Perusahaan Korea Selatan Samsung meluncurkan ponsel lipat pertamanya dalam tiga hari Selasa, setahun setelah pesaingnya dari China, Huawei, dengan harga yang tidak terjangkau oleh konsumen rata-rata. Galaxy Z TriFold mulai dijual di Korea Selatan pada 12 Desember dan harganya dua kali lebih mahal di negara tersebut dibandingkan iPhone 17 baru, yaitu $2.443 (2.104 euro).
Galaxy Z TriFold sangat tipis dan terbuka untuk menampilkan layar 10 inci (25,4 sentimeter), yang “memberikan lebih banyak kemungkinan untuk berkreasi dan bekerja,” menurut raksasa teknologi Korea Selatan.
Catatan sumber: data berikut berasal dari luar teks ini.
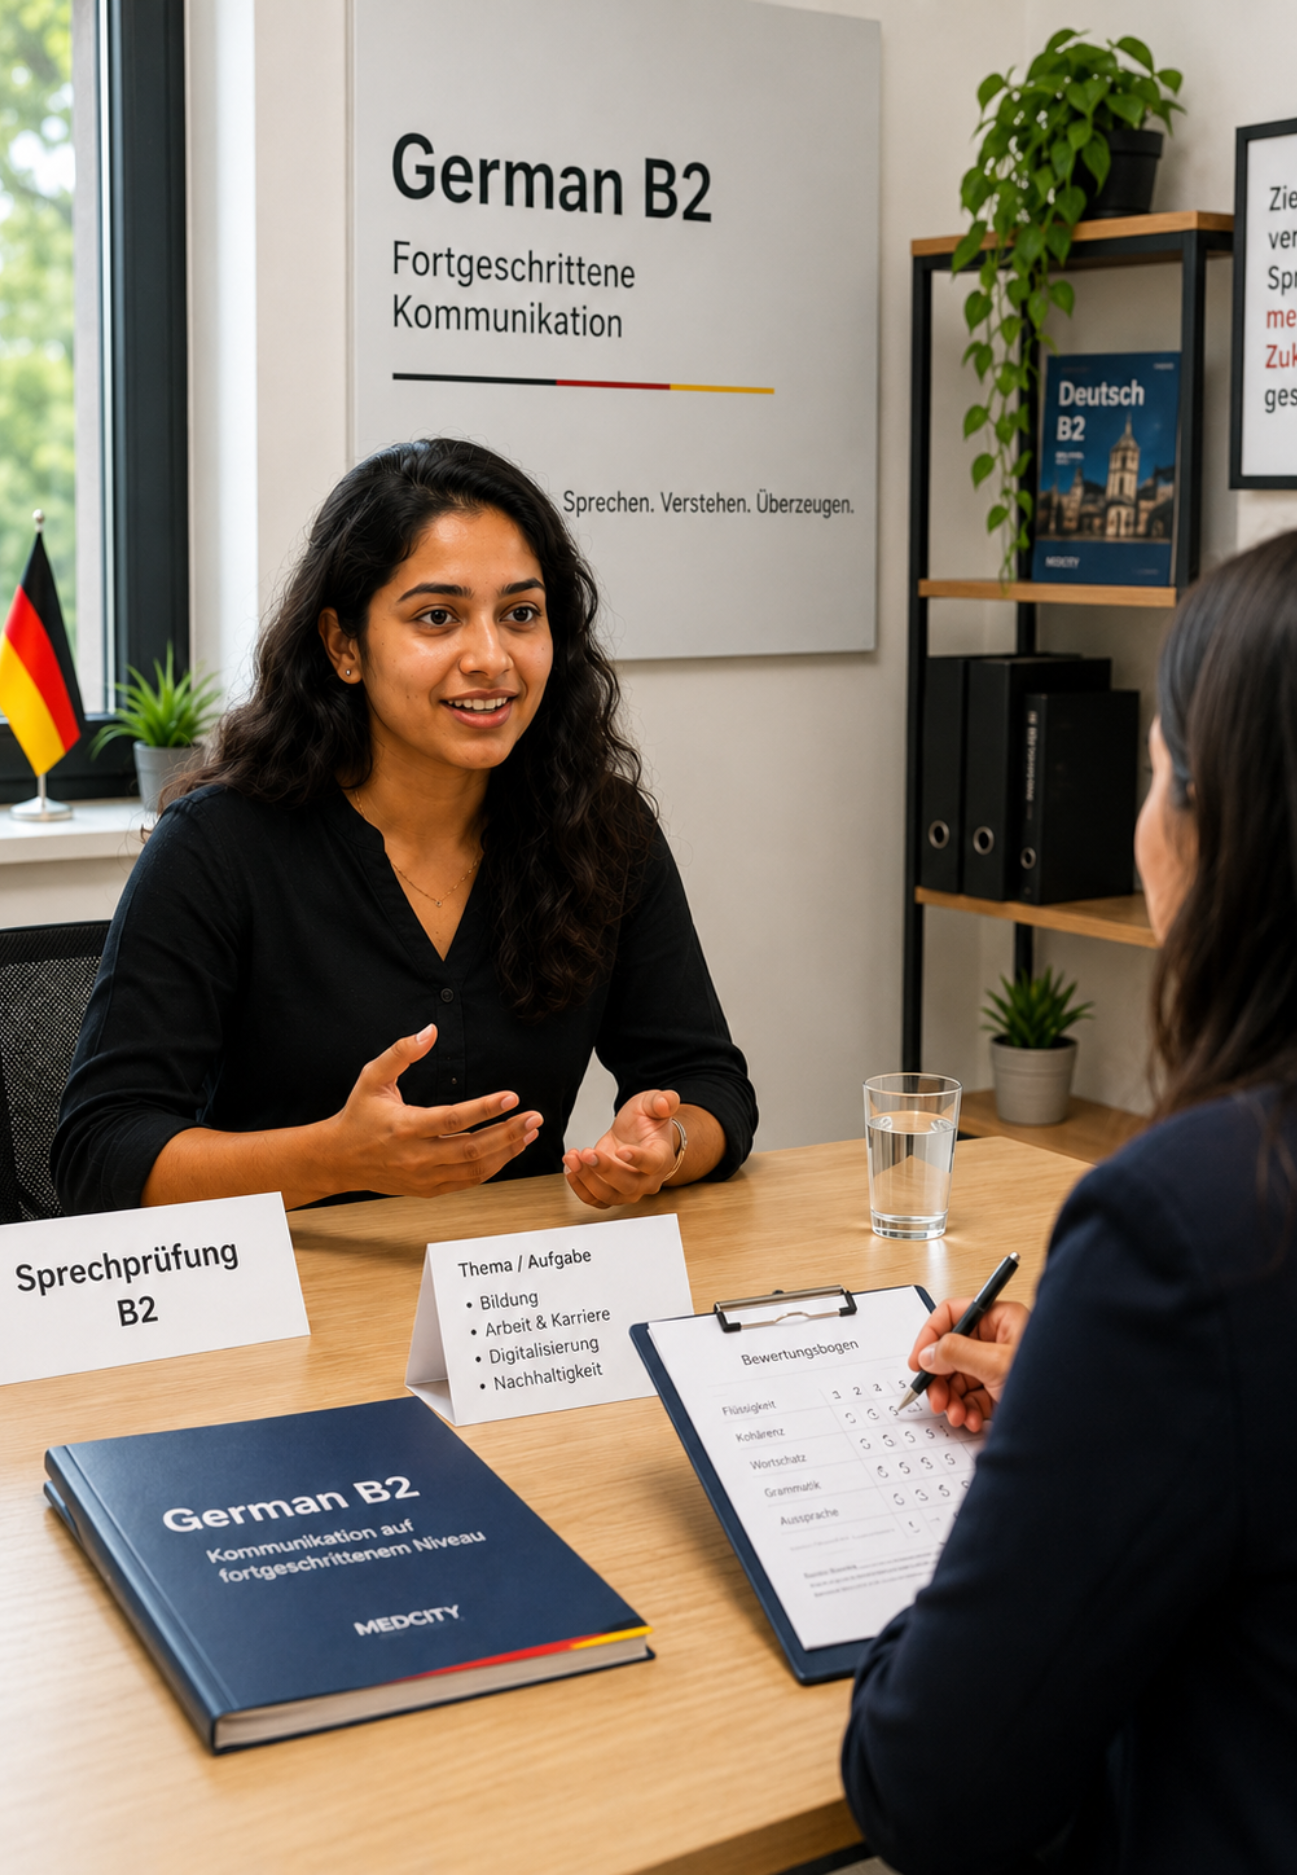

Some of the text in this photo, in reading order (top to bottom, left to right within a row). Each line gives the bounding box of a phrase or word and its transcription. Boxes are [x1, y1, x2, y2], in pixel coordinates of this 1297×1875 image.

[392, 131, 713, 223] German B2
[392, 240, 636, 288] Fortgeschrittene
[392, 294, 623, 338] Kommunikation
[1058, 379, 1145, 407] Deutsch
[1056, 415, 1086, 442] B2
[563, 488, 855, 519] Sprechen. Verstehen. Überzeugen.
[15, 1243, 239, 1297] Sprechprüfung
[457, 1249, 592, 1278] Thema / Aufgabe
[117, 1295, 159, 1327] B2
[480, 1292, 539, 1310] Bildung
[485, 1308, 611, 1337] Arbeit & Karriere
[489, 1337, 600, 1366] Digitalisierung
[741, 1339, 860, 1366] Bewertungsbogen
[493, 1362, 604, 1391] Nachhaltigkeit
[722, 1400, 777, 1417] Flüssigkeit
[735, 1427, 786, 1444] Kohärenz
[750, 1453, 808, 1471] Wortschatz
[162, 1475, 421, 1533] German B2
[780, 1506, 839, 1527] Aussprache
[206, 1518, 415, 1564] Kommunikation auf
[218, 1529, 487, 1583] fortgeschrittenem Niveau
[353, 1603, 460, 1637] MEDCITY
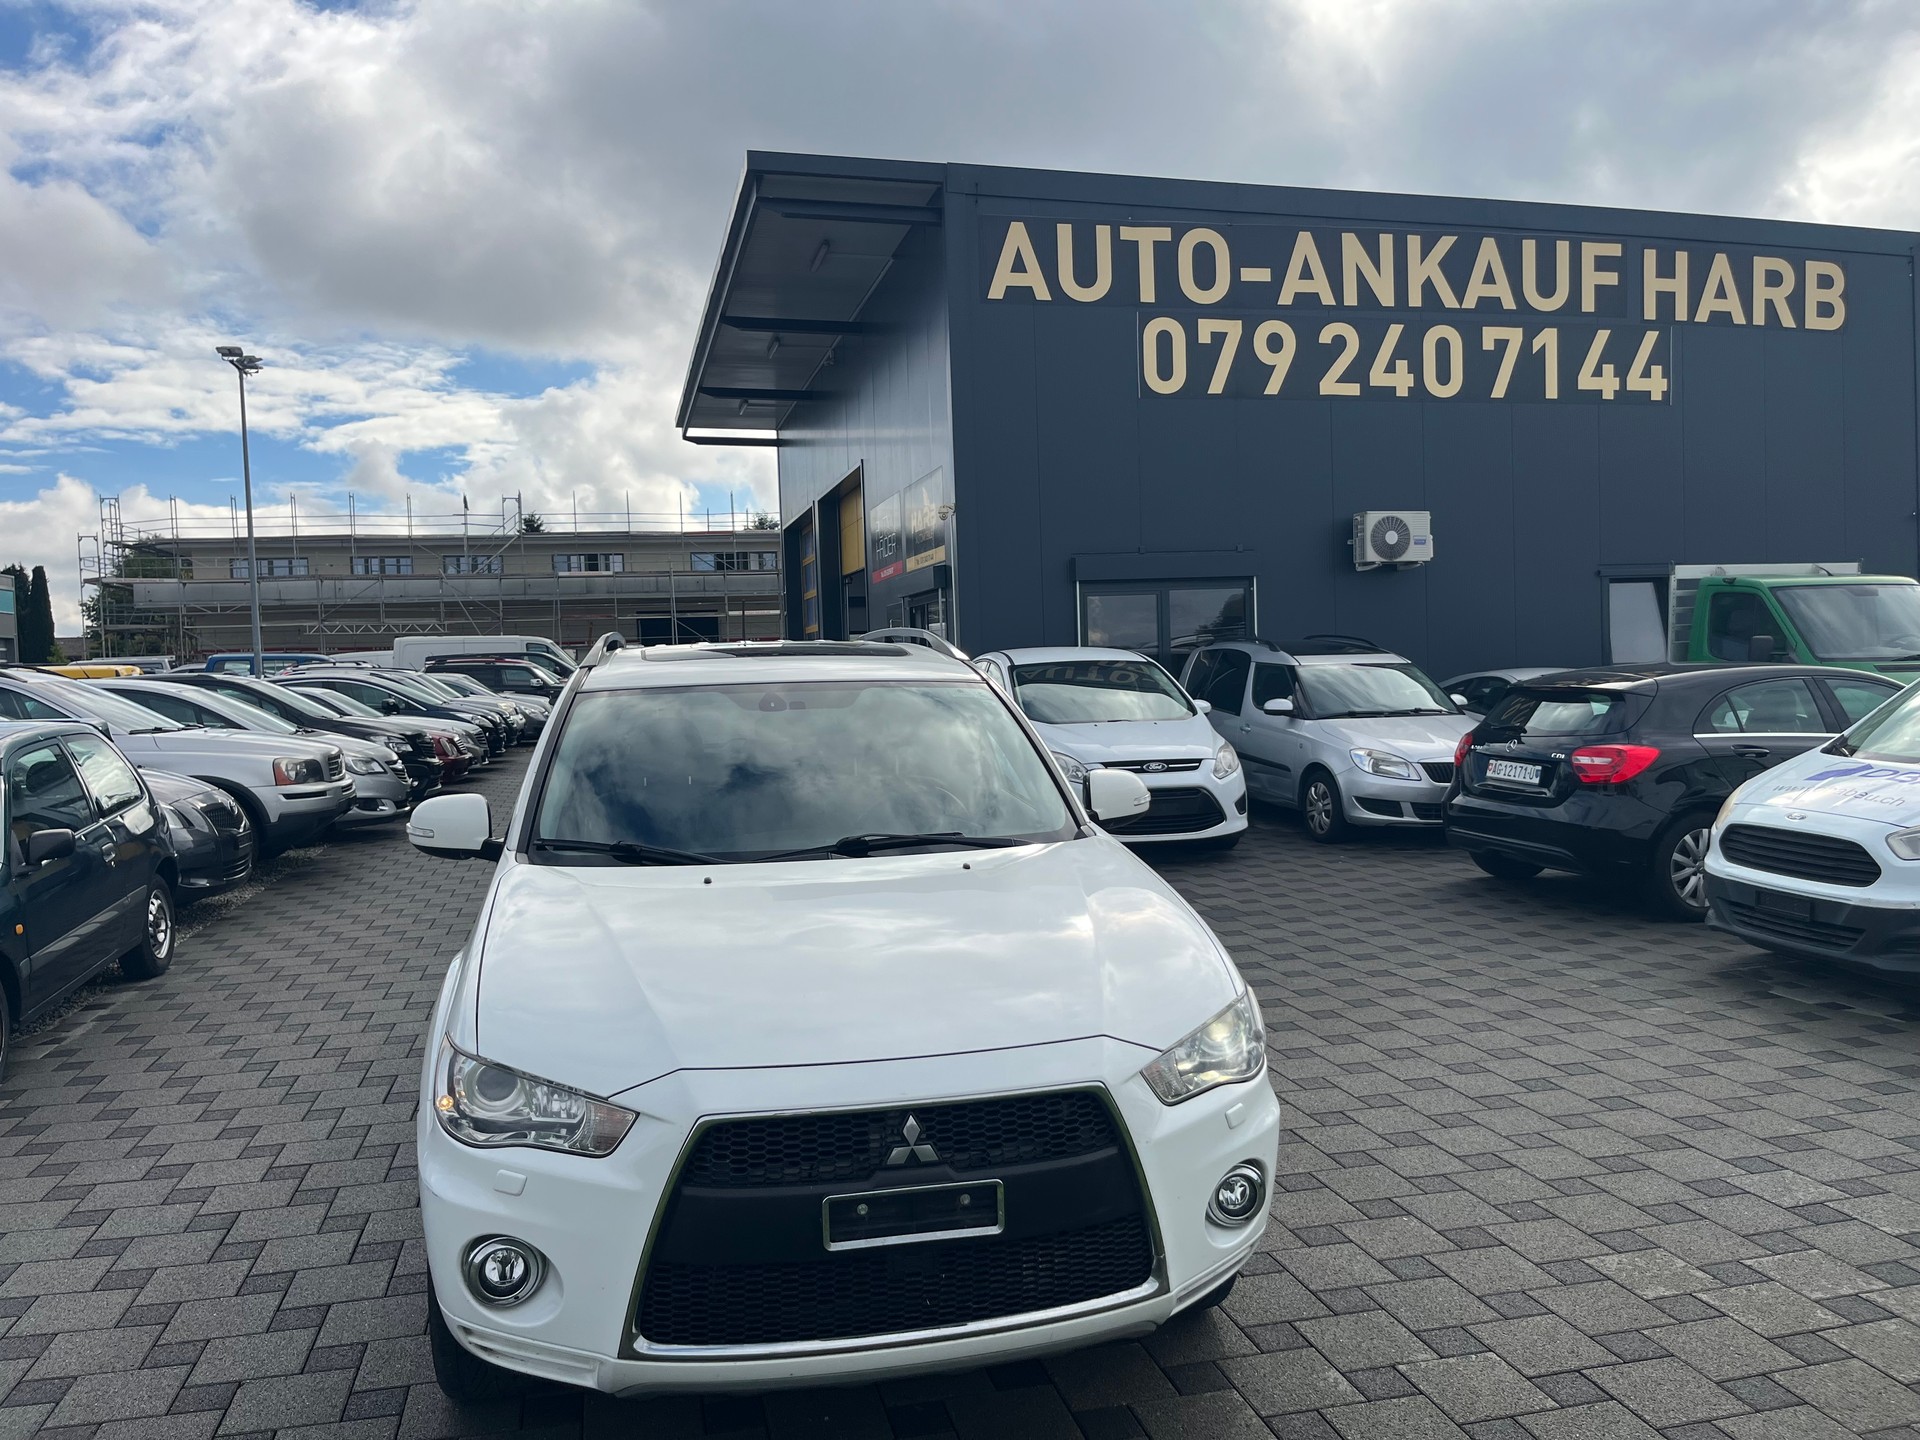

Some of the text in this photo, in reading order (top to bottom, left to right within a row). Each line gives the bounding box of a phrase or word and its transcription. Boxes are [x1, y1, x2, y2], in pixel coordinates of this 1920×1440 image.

[987, 221, 1846, 331] AUTO-ANKAUF HARB
[1142, 316, 1668, 401] 079 240 71 44
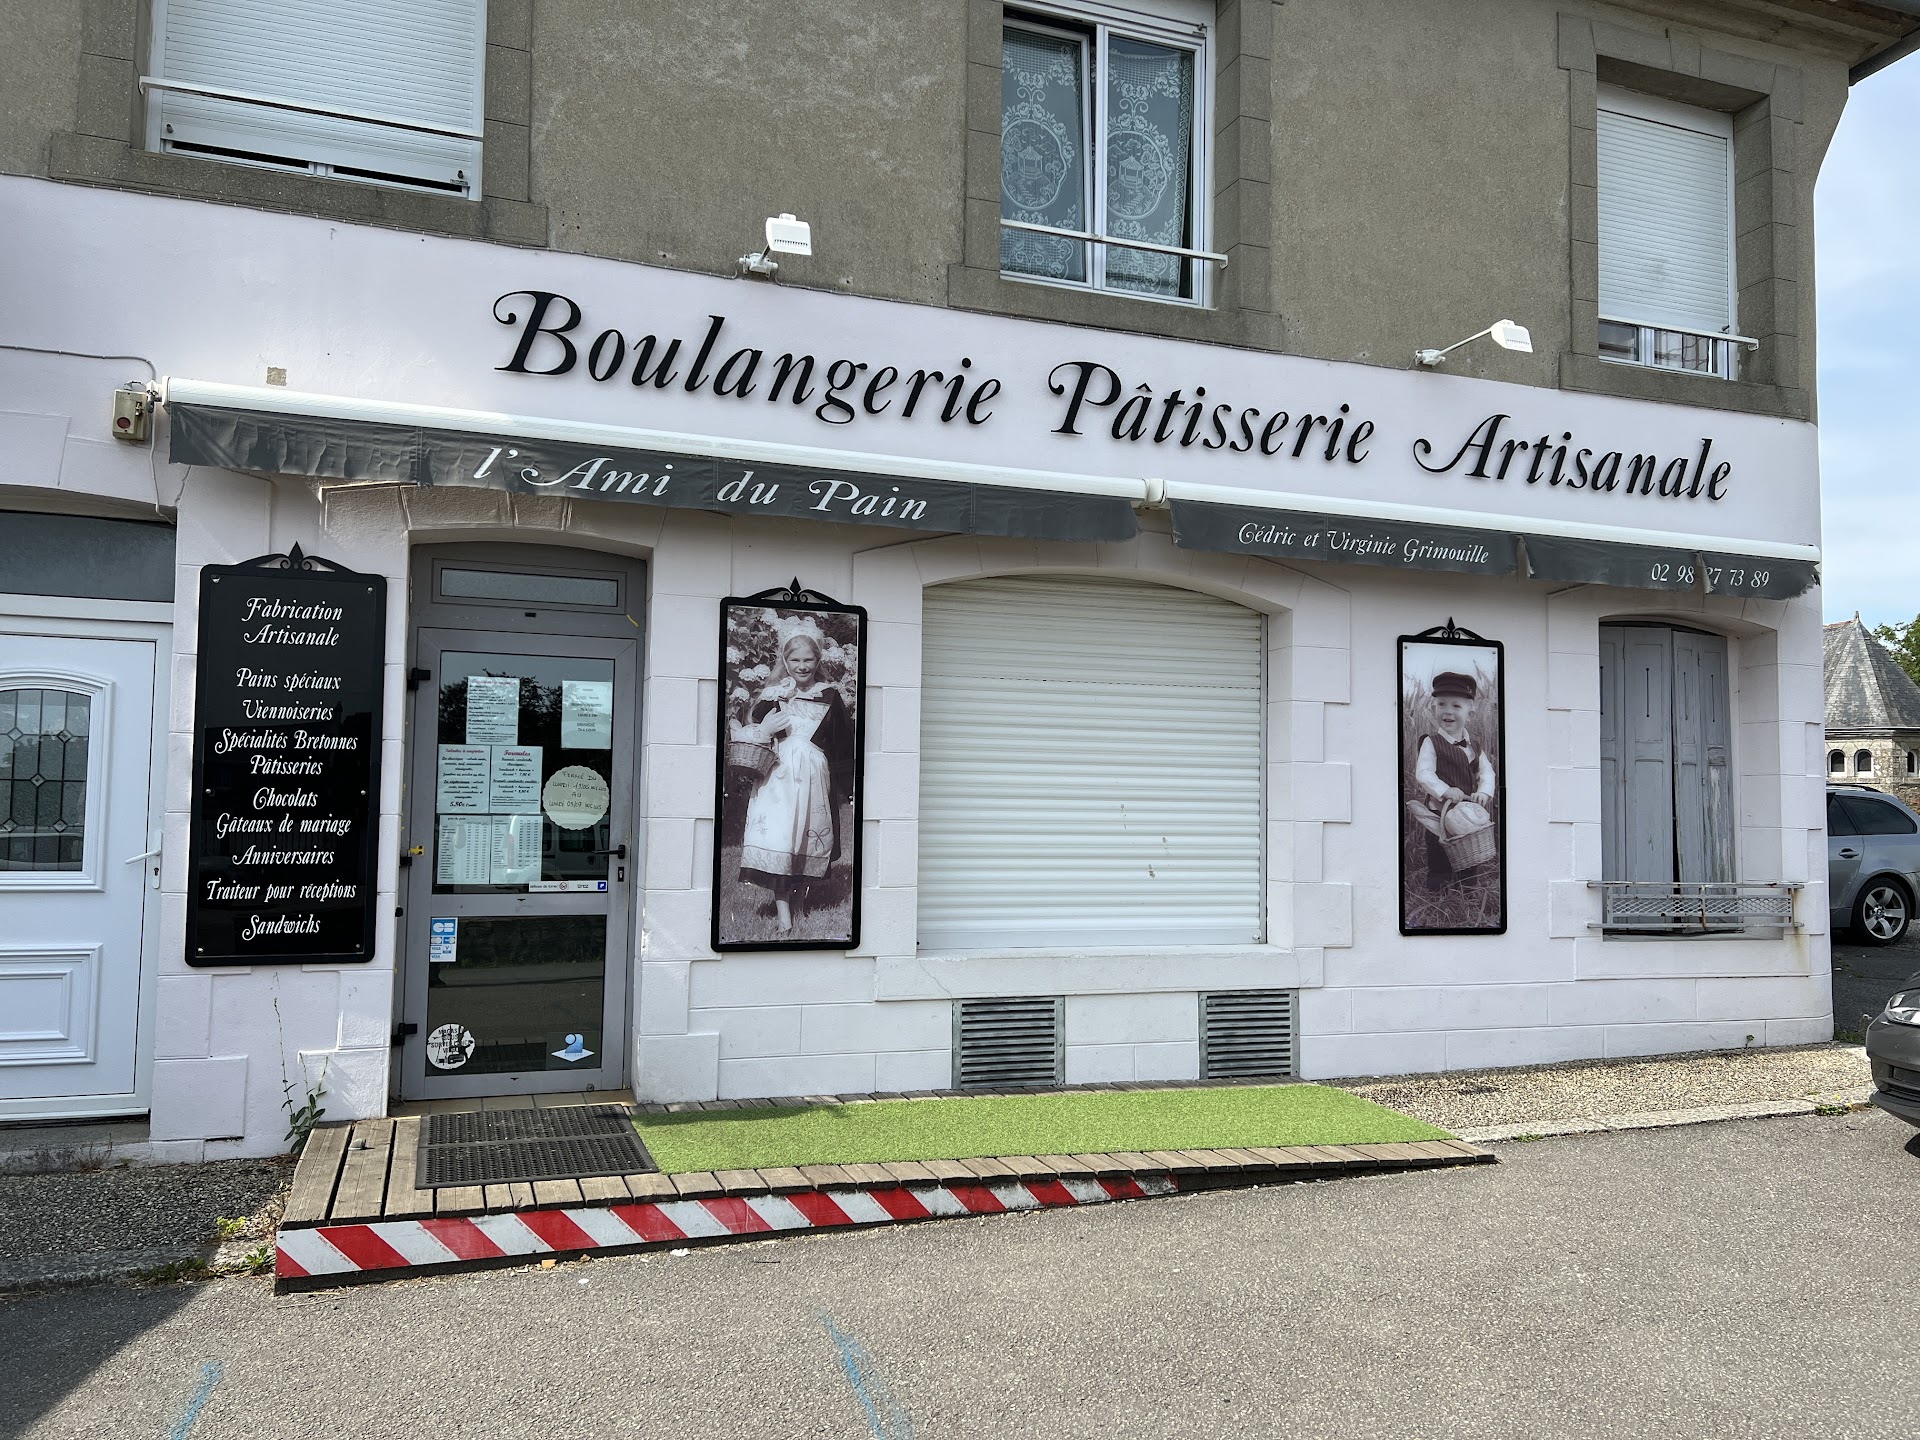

Ini “tidak dimaksudkan untuk dijual massal,” aku raksasa Korea Selatan itu. Alex Lim, wakil presiden eksekutif Samsung Electronics, mengatakan ini adalah “edisi khusus”.
Di bawah tekanan dari Apple
Pertumbuhan pasar ponsel pintar yang kompetitif tidak konsisten, sehingga memaksa produsen mencari cara baru untuk membedakan dirinya dari perusahaan lain. Perangkat baru Samsung ini hanya tersedia dalam warna hitam, berbobot 309 gram, dan tebal tertipis kurang dari 0,5 cm. Ponsel ini mengintegrasikan fitur kecerdasan buatan (AI) generatif yang dapat digunakan secara real time melalui berbagi layar atau berbagi kamera.
Peluncuran ini terjadi di saat Apple berada di ambang menyalip Samsung. Pengiriman ponsel pintar perusahaan AS tersebut diperkirakan akan mencapai pangsa global sebesar 19,4% pada tahun 2025, sementara Samsung diperkirakan akan menguasai 18,7% pasar, menurut firma riset Counterpoint. Dengan demikian, Apple akan melengserkan pesaingnya untuk pertama kalinya.